Un risque de dépendance au gaz russe
Une fois complété, le TurkStream2 pourrait accroître sérieusement la dépendance des pays du Sud-Est de l’Europe au gaz russe. À l’heure actuelle, la région dépend déjà à 40% de la Russie pour sa consommation. Et encore ce chiffre ne prend pas en compte les différences entre pays. La Bulgarie dépend ainsi à 97% du gaz russe, la Grèce à 70% et la Roumanie à 15%.
Cette dépendance va d’autant plus s’accroitre que le gaz remplace progressivement le charbon dans le mix énergétique. De fait, l’extension du TurkStream pourrait constituer le cœur de l’approvisionnement en électricité de la région. Il faut rappeler que ce gazoduc pourra fournir directement 6 pays d’Europe du Sud-Est par le biais d’interconnexions des réseaux. Ces 6 pays sont la Bulgarie, la Serbie, la Roumanie, la Grèce, la Bosnie-Herzégovine et la Macédoine du Nord.
Une redistribution des flux gaziers dans la région
Grâce à ce projet d’extension, la Russie pourra redistribuer à son avantage les flux gaziers dans la région. Aujourd’hui, ces flux passent principalement par le gazoduc Trans-balkanique (TBP) qui dépend du transit ukrainien pour acheminer le gaz russe. Autrement dit, la Russie et les pays du Sud-Est de l’Europe se retrouvent très vulnérables à la situation politique ukrainienne.
À l’inverse, avec le nouveau gazoduc, Moscou contourne l’obstacle ukrainien bien qu’elle doit compter sur la Turquie pour le transit. De fait, ce gazoduc vise à remplacer totalement le TBP dans les prochaines années et ainsi réduire le risque d’approvisionnement. Comme pour le Nord Stream 2, l’objectif de Moscou consiste à se passer totalement de la route ukrainienne d’ici 2025.
Un autre gazoduc sanctionné par les États-Unis
Bien qu’étant très avancé, le TurkStream2 se heurte à l’opposition de plus en plus vigoureuse des Etats-Unis. Ces derniers s’opposent au projet au nom de la sécurité énergétique de l’Europe face à la Russie. Surtout, ils s’inquiètent de la concurrence du gaz russe plus compétitif sur les exportations de GNL dans la région.
Rappelons que Washington soutient financièrement l’Initiative des 3 mers visant à connecter la Baltique à la Méditerranée. Cette initiative prévoit la construction de terminaux GNL en Grèce et en Croatie afin de fournir en gaz la région. Washington compte ainsi utiliser ses terminaux puis de les relier au TBP concurrençant ainsi le gaz russe. Or, l’extension du TurkStream met en cause la viabilité à-terme d’un tel projet.

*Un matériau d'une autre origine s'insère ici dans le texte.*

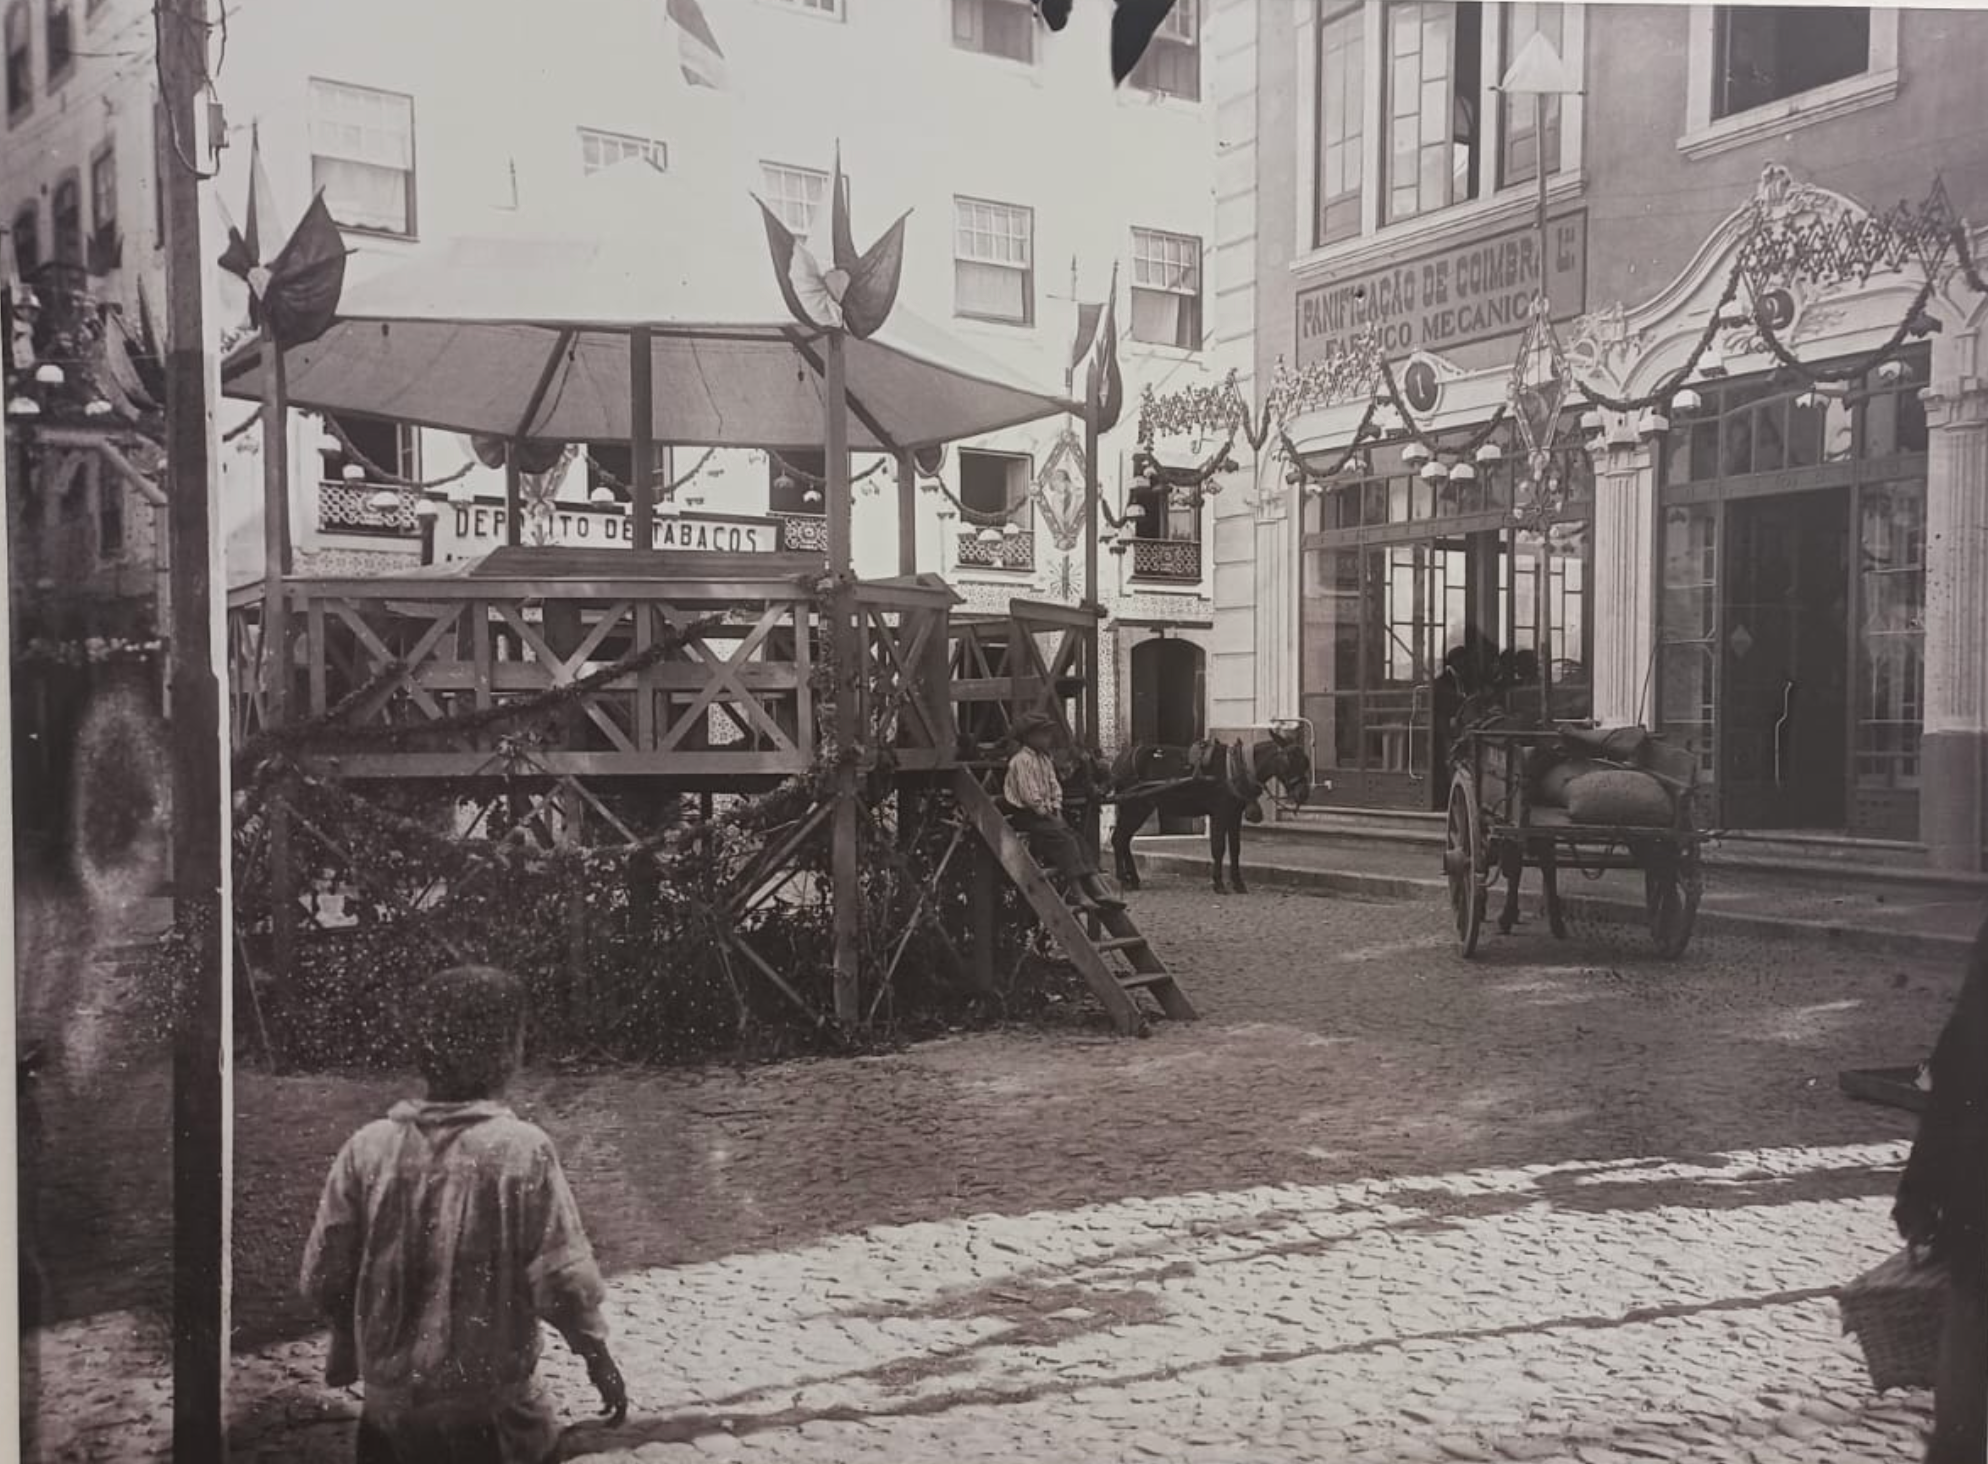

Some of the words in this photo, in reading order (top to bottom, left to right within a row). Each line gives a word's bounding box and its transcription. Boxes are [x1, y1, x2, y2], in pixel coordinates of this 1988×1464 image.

[1422, 259, 1449, 308] DE
[1325, 322, 1412, 361] FABICO
[1422, 287, 1539, 343] MECANIC
[455, 508, 589, 539] DEPITO
[605, 518, 633, 541] DE
[652, 520, 757, 553] TABACOS

Des sanctions, comme pour le Nord Stream 2
Dans ce contexte, les Etats-Unis ont lancé une série de sanctions visant à stopper définitivement la construction du gazoduc. Comme le Nord Stream 2, ces sanctions s’appuient sur l’article 232 du CAATSA voté par le Congrès en décembre dernier. Avec ces sanctions, Washington menace de punir financièrement toutes les compagnies présentes sur ce projet.
Elles font d’ailleurs suite à une intense campagne diplomatique menée par l’ancien secrétaire d’Etat Mike Pompéo. Celui-ci s’est rendu plusieurs fois dans la région qualifiant le projet « d’outil géopolitique pour la Russie ». Des pressions ont également été faites à la Turquie afin de stopper la construction du tronçon avec la Bulgarie.
Conséquences : le TurkStream 2 prend du retard
Ces actions diplomatiques et ces sanctions semblent avoir payé dernièrement avec le retrait du principal assureur du projet. Comme pour le Nord Stream 2, le TurkStream 2 se voit retarder par les sanctions américaines.
Pour Washington, ce gazoduc représente une menace quant à la sécurité du continent européen et de l’Ukraine en particulier. Privée de frais de transit, Kiev pourrait en effet se retrouver considérablement affaiblie par la mise en service du gazoduc. Dans ces conditions, on peut regretter l’absence complète de l’Europe dans ce débat pourtant si essentiel à sa sécurité.